One likely controversial proposal includes closing Harvard Square to traffic to better accommodate pedestrians and bring more foot traffic to local businesses, while another suggests turning the plaza into a space with more seating. On November 4, the Harvard Square Neighborhood Association (HSNA, of which Our Harvard Square is a part) plans to share these design proposals with the city in preparation for a November 6 meeting to evaluate submissions. 

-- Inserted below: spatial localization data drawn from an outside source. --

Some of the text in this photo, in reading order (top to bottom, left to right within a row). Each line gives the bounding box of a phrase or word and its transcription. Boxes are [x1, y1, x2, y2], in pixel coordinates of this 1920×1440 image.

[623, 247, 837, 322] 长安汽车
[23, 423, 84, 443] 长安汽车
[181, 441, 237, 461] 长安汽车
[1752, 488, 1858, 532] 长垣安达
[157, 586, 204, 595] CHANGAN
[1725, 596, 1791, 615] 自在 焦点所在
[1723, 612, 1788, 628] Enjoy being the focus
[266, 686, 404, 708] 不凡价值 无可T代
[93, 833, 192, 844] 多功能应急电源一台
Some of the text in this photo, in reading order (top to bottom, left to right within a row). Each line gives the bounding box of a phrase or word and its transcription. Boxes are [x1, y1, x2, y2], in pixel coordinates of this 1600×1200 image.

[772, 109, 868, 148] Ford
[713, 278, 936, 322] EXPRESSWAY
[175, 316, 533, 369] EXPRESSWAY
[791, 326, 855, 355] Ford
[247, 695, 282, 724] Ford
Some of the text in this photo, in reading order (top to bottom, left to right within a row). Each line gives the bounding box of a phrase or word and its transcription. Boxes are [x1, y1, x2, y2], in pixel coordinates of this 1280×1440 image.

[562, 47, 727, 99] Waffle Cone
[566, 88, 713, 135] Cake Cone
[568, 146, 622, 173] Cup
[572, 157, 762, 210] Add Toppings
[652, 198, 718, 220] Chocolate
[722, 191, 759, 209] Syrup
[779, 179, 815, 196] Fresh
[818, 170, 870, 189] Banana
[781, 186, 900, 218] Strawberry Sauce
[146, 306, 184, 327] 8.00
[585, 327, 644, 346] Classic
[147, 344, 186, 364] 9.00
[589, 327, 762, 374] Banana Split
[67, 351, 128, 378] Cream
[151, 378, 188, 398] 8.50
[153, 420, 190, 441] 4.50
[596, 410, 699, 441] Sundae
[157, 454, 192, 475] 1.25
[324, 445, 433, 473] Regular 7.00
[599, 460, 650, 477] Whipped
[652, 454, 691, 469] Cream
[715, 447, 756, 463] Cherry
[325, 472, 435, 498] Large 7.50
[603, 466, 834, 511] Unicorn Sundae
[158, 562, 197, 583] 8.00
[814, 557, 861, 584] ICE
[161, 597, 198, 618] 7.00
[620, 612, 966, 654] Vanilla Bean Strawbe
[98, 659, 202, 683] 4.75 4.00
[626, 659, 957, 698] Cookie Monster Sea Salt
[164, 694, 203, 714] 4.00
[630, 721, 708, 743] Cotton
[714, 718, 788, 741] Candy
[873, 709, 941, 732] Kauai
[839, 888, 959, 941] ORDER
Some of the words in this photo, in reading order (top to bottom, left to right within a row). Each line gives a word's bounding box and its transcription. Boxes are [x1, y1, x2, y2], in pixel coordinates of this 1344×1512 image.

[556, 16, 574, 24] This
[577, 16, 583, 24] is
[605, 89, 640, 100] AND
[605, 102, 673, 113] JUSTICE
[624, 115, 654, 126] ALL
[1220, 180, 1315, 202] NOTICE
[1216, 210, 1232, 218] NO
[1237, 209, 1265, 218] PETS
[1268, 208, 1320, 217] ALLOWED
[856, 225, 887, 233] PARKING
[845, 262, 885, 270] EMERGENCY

Suzanne Blier, Clowes chair of fine arts and of African and African American Studies, and a founder of the HSNA, was part of a meeting earlier in October with Regency Centers Corporation, the real estate investment trust that is leading the “Collection at Harvard Square” project, a pedestrian mall that would affect the flatiron-style wedge of buildings on the corner of J.F.K and Brattle Street, namely the Brattle, Abbott, and Corcoran Buildings. In a whitepaper Blier shared with Harvard Magazine after the meeting, the HSNA underscores that it remains “extremely concerned about the long-term survival of Harvard Square’s unique brand and diverse retail ecosystem, which is increasingly threatened by the concentration of property ownership, rising rents, and related displacement by national retailers that diminish the Square as a unique destination.”

Blier says Regency was surprisingly amenable to the HSNA’s suggestions. Regency accepted HSNA’s request that the Abbott Building remain a distinct structure in the rooftop terrace construction that would affect the three adjacent buildings. The real estate firm also shared plans to reintroduce basement retail spaces underneath the Abbott Building earmarked for “affordable retail and public occupancy.” In the meantime, Gerald Chan’s proposed renovation of unused theater space on Church Street is still progressing. 

“This ultimately needs to be a conversation about the goals of Harvard Square,” said Cambridge City councilwoman Jan Devereux about the Square’s redesign process during a recent GSD panel about the redesign process. “We need to continue to show them [the city] that we care about what happens to this iconic space. We’re watching.”